CT NOFA Conference 2010

Today I attended my first NOFA (Northeast Organic Farming Association) conference held at the Manchester Community College in Connecticut and I'm so glad I went! It was so refreshing to meet other individuals so heavily invested in the local food movement and bringing pride back to regional agriculture.

Some of the highlights...
  • I went to an amazing workshop about seed saving and the history, politics and daunting future the ancient practice faces. Ken Greene of the Hudson Valley Seed Library (who is featured in a "Vogue" brief this month). Greene and his partner Doug Muller are two extremely knowledgeable and inspiring individuals who are trying to restore native and regional seeds back to New York and the Northeast, as well as give local artists a chance to illustrate their interpretations of plants on the seed packets themselves. If you have a chance to visit the library or hear one of these two men speak, go!

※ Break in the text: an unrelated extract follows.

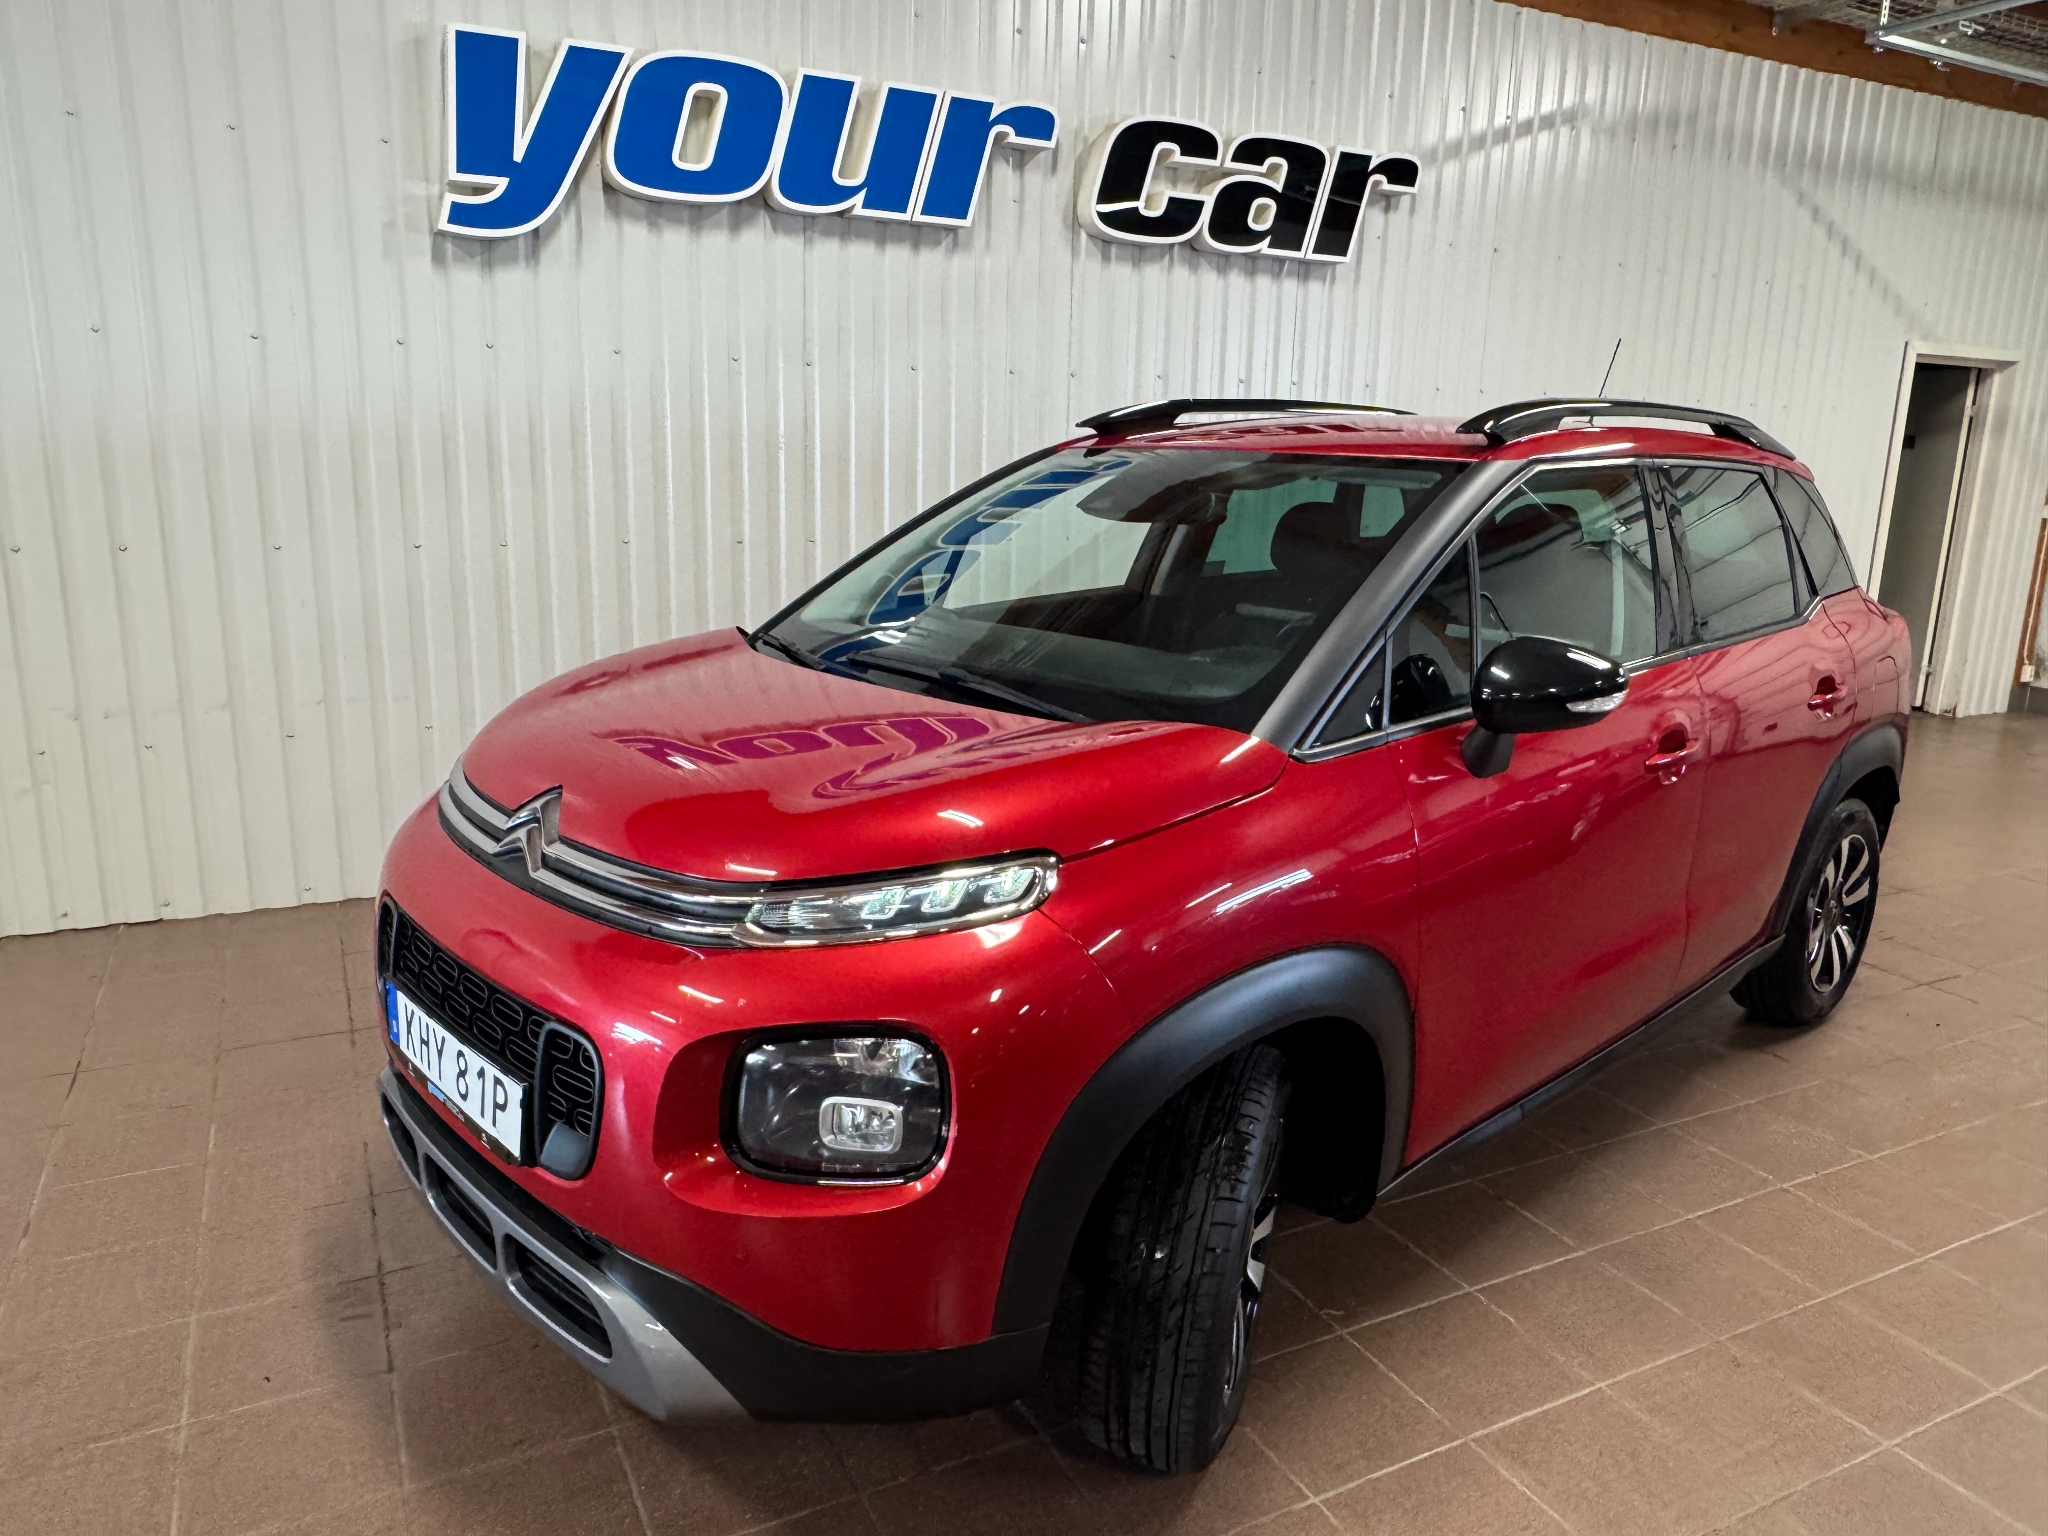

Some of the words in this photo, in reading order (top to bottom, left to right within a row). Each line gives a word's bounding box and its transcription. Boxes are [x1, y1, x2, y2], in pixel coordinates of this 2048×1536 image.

[438, 25, 1057, 239] your
[1084, 115, 1419, 263] car
[404, 1002, 446, 1082] KHY
[456, 1049, 508, 1129] 81P

  • Keynote speaker Michael Shuman, a green activist, entrepreneur, author and attorney, provided a concise and thought-provoking presentation of the economic and community development opportunities of local food businesses. His research and commentary just make sense in terms of cultivating a healthy economy and nation through the cultivation of local food businesses. Monocultures and agribusiness monopolies deny individual communities of identity and potential. Check out his work at Small-Mart.org, based on the book called "The Small-mart Revolution" (which I bought a copy of and can't wait to read). The guy's brilliant! (Here's a commentary he wrote for The Huffington Post).

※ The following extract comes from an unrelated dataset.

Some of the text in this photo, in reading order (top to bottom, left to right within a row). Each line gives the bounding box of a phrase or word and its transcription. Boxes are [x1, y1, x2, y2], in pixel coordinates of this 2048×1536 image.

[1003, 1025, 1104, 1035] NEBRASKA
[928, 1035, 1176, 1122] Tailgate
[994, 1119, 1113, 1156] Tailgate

  • If you want a model of quite possibly the most organized CSA, contact Dina Brewster at The Hickories, a 200-member CSA in Ridgefield, Conn. The content of her workshop on starting and maintaining a successful CSA didn't miss a gritty detail.
I'll be updating my resource guides in the next couple days as I explore the many new organizations, Web sites and guides I came across at the NOFA conference.

You may think these conferences are for a bunch of farm nerds, and, largely, they are, but if you are novice or simply want to know more about how to be a part of a more sustainable gastronomic and farm effort, I urge you to attend one in your area.